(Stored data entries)
--------------------

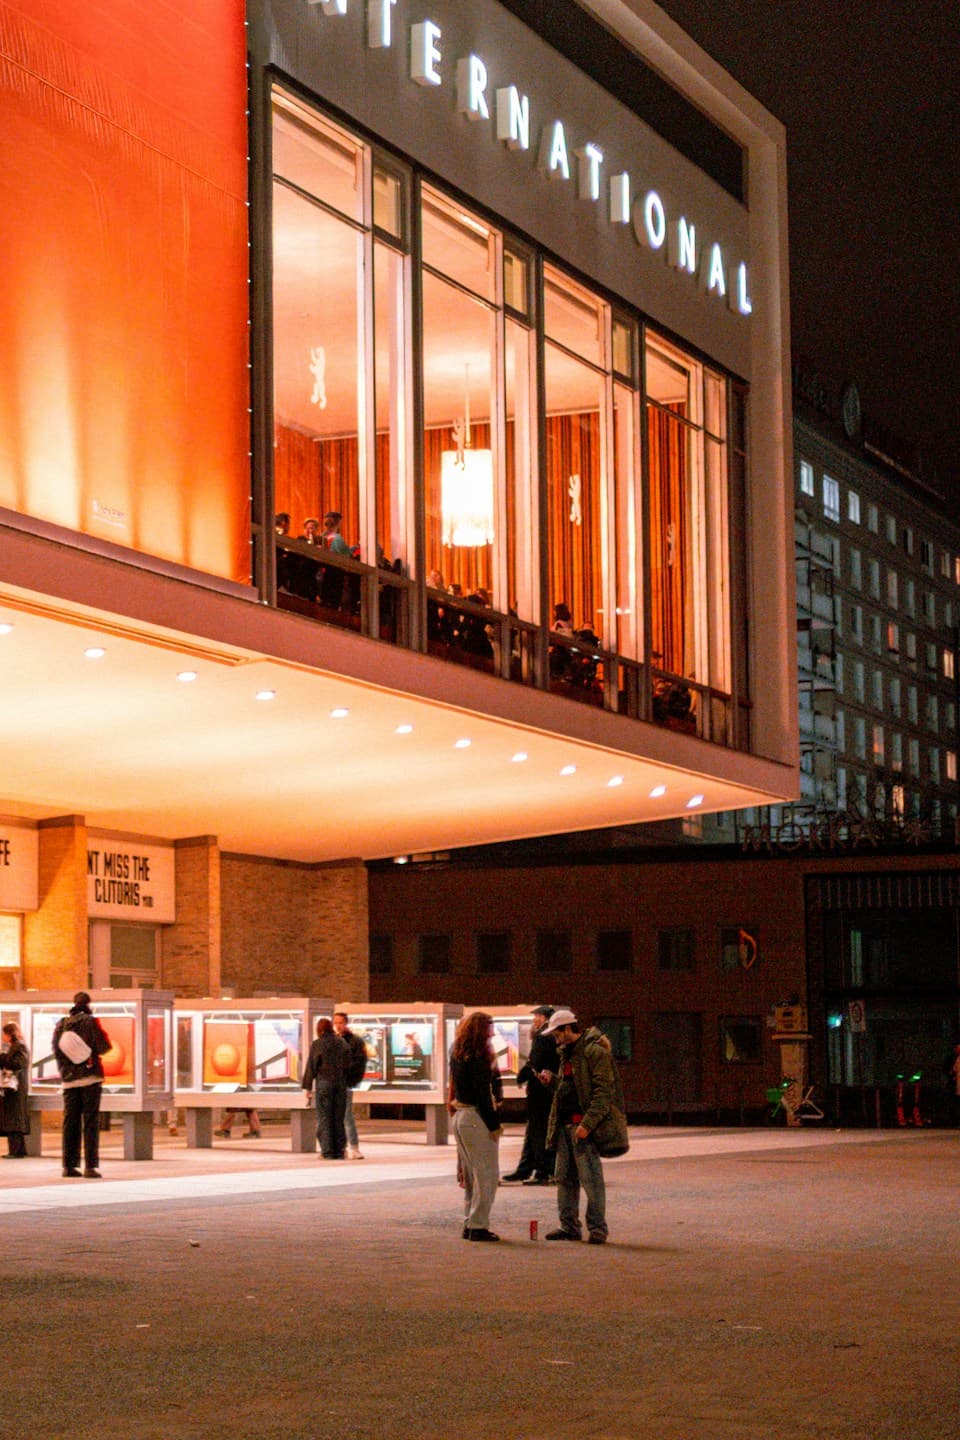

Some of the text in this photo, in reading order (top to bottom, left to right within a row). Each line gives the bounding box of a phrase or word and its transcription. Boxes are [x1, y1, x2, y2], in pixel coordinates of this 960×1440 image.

[104, 851, 129, 878] MISS
[132, 855, 150, 882] THE
[95, 878, 140, 907] CLITORIS
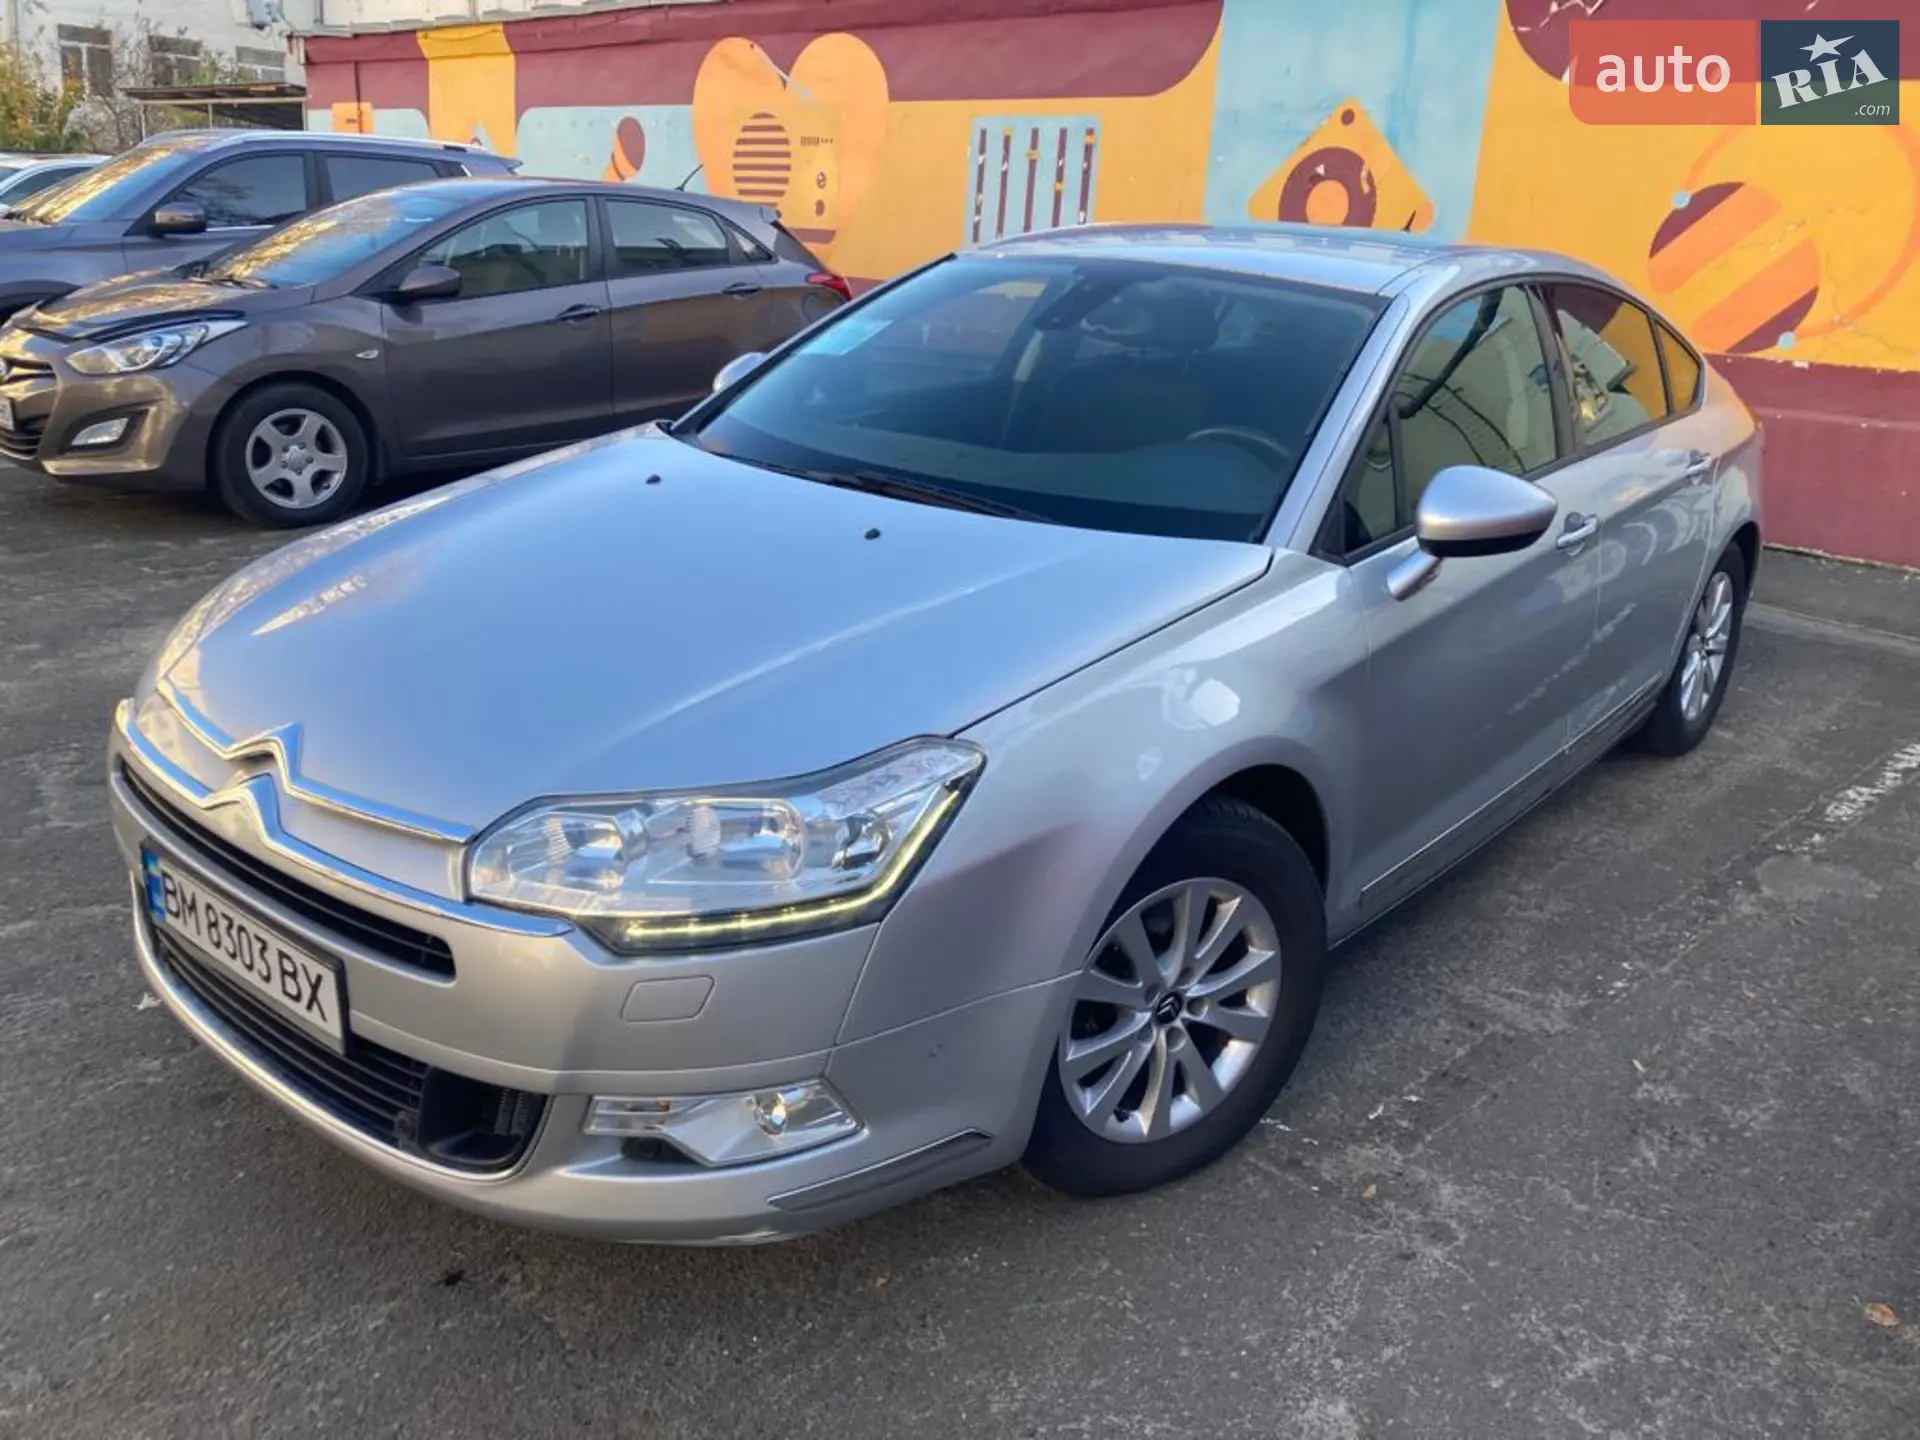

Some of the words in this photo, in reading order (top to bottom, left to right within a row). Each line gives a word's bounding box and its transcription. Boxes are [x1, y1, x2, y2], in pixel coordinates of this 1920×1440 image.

[161, 870, 201, 937] BM
[205, 902, 271, 984] 8303
[277, 947, 328, 1023] BX
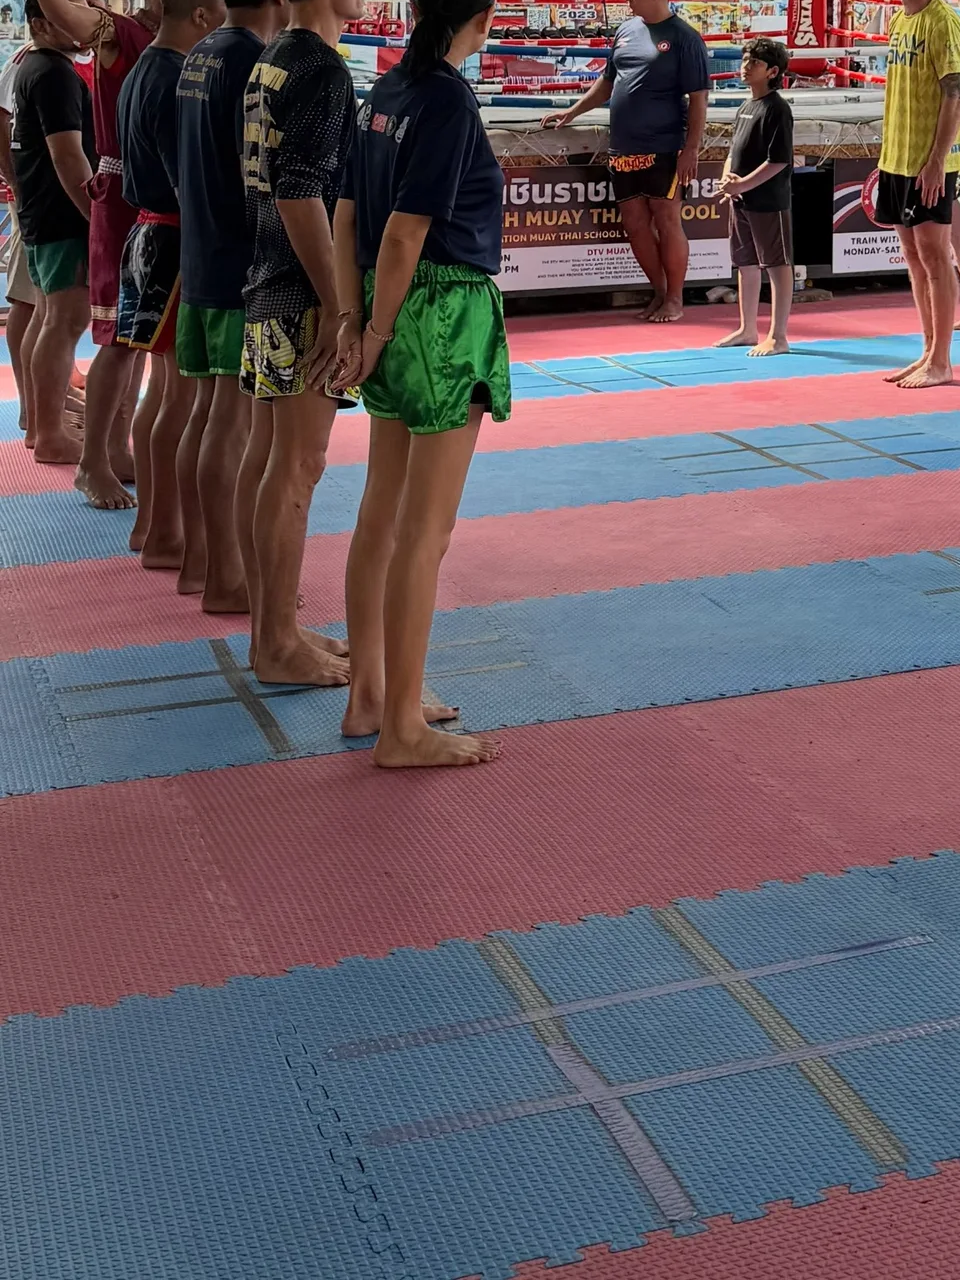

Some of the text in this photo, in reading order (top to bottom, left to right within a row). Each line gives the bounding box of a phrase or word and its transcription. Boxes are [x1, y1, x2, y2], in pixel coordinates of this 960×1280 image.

[558, 10, 596, 19] 2023
[890, 32, 926, 54] EAM
[525, 209, 584, 227] MUAY
[681, 204, 721, 221] OOL
[529, 232, 557, 242] MUAY
[559, 231, 582, 241] THAI
[583, 229, 622, 239] SCHOOL
[851, 237, 878, 245] TRAIN
[587, 246, 631, 256] DTV MUAY
[504, 264, 519, 274] PM
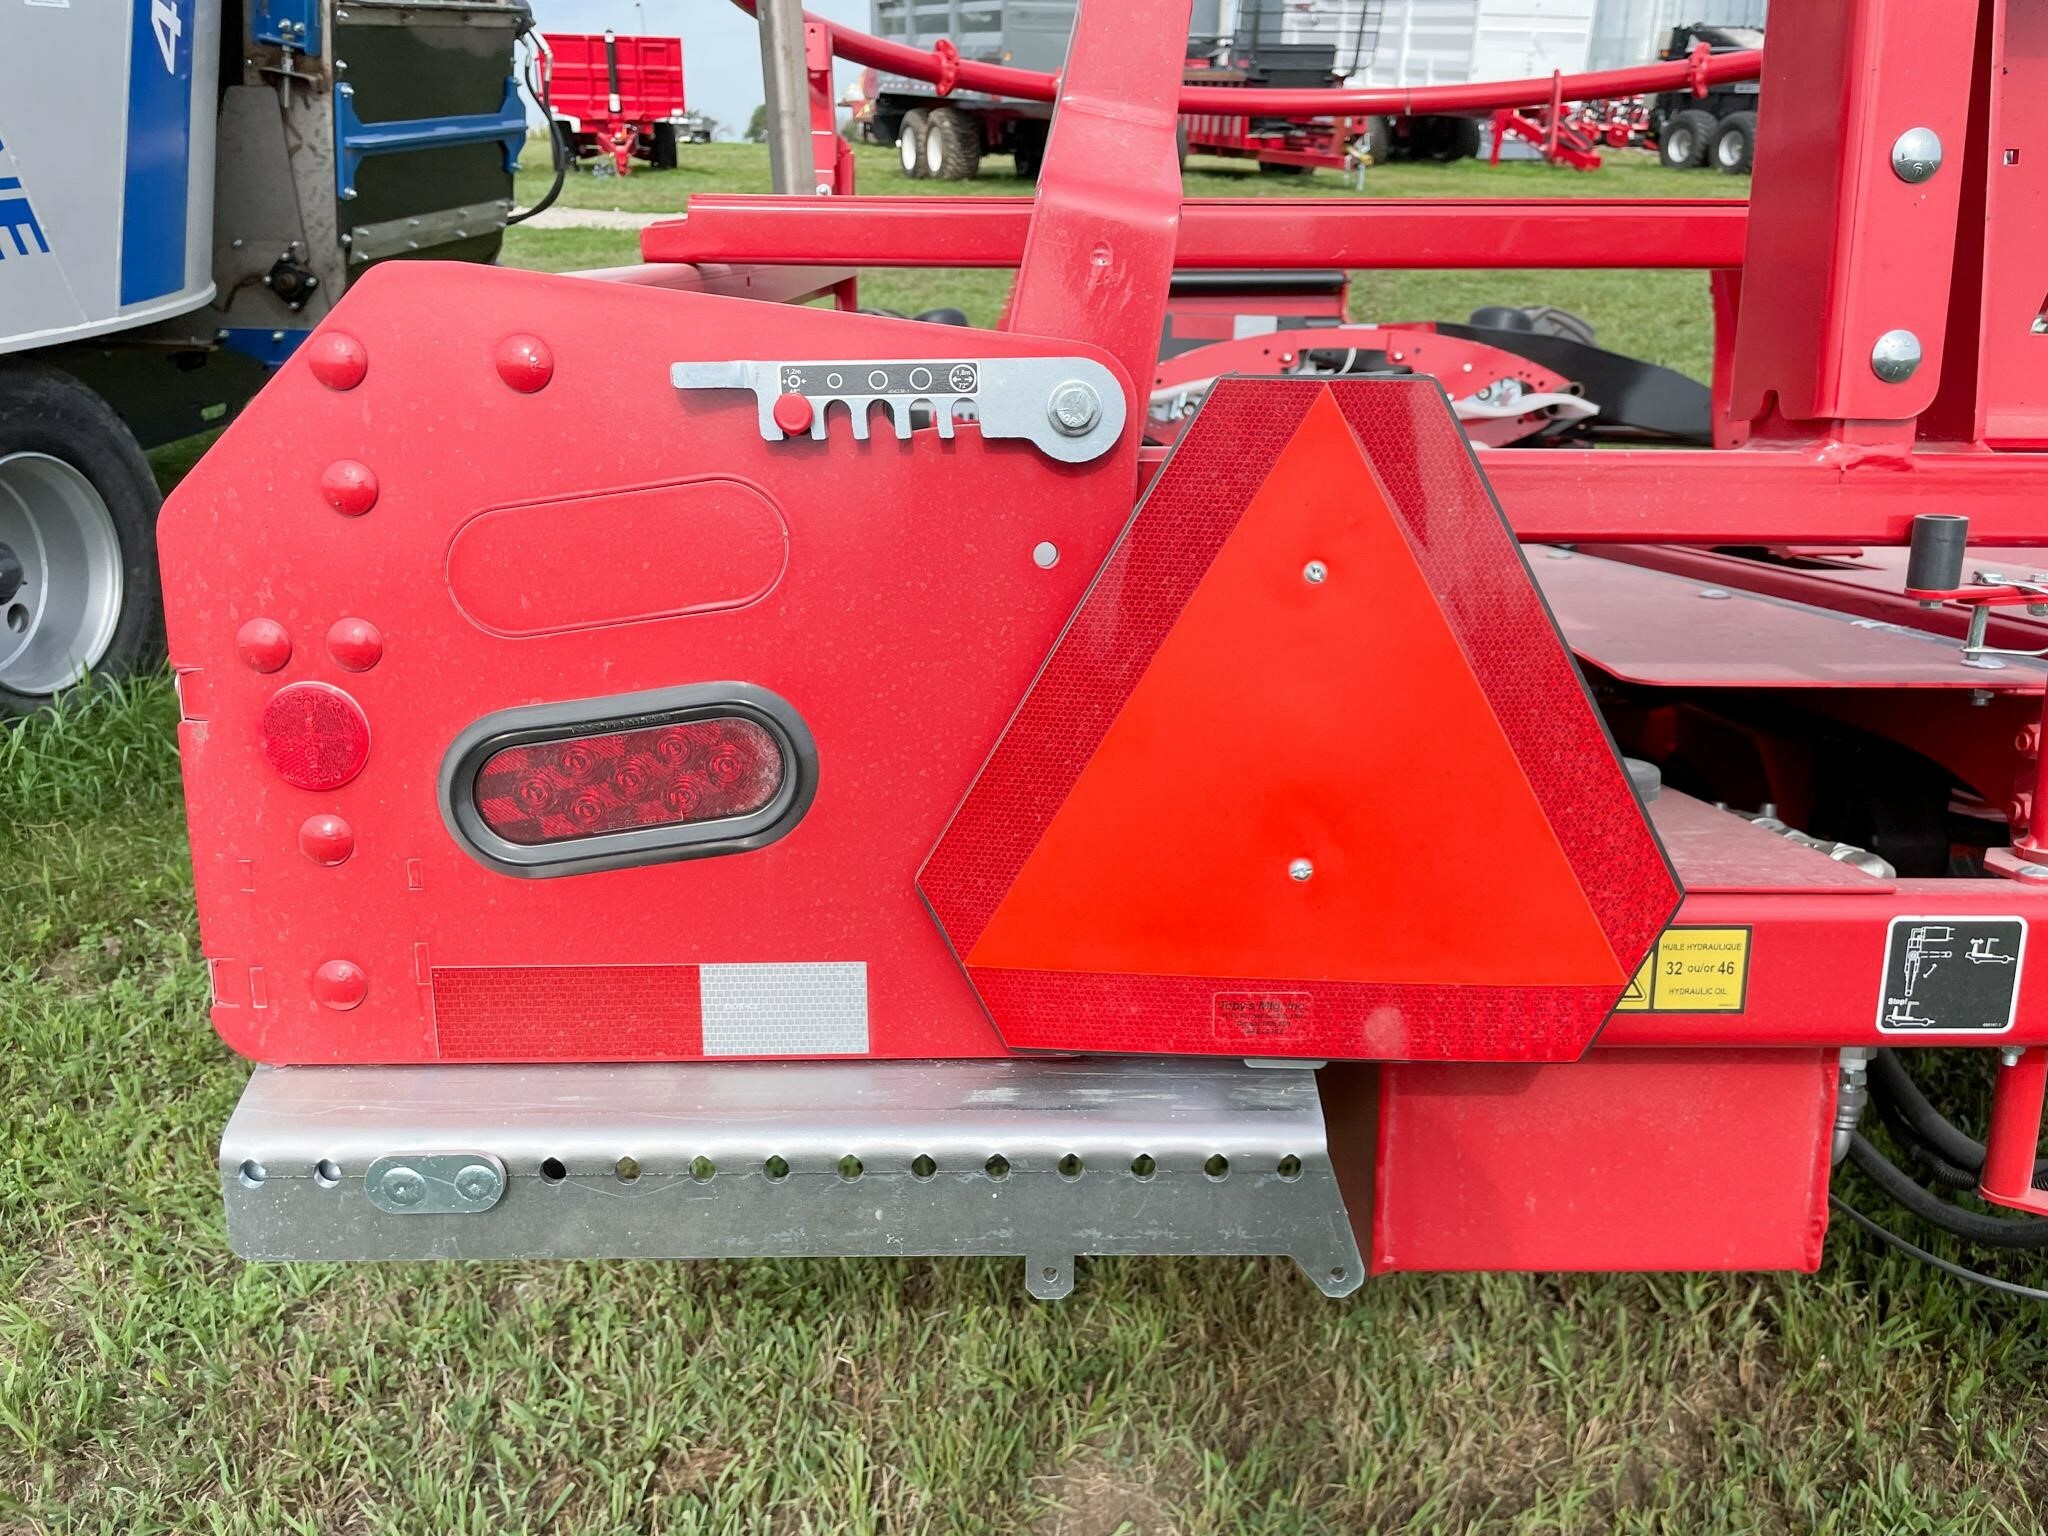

--------------------

**DIRECTIONS:** Could you return exactly the lines starting with the one that contains "this 960×1280 image." and ending with the last line of the data above? Leave the pictures out.

**WRITTEN RESPONSE:**
Some of the text in this photo, in reading order (top to bottom, left to right within a row). Each line gives the bounding box of a phrase or word and its transcription. Boxes are [x1, y1, x2, y2], in pixel coordinates of this 960×1280 image.

[558, 10, 596, 19] 2023
[890, 32, 926, 54] EAM
[525, 209, 584, 227] MUAY
[681, 204, 721, 221] OOL
[529, 232, 557, 242] MUAY
[559, 231, 582, 241] THAI
[583, 229, 622, 239] SCHOOL
[851, 237, 878, 245] TRAIN
[587, 246, 631, 256] DTV MUAY
[504, 264, 519, 274] PM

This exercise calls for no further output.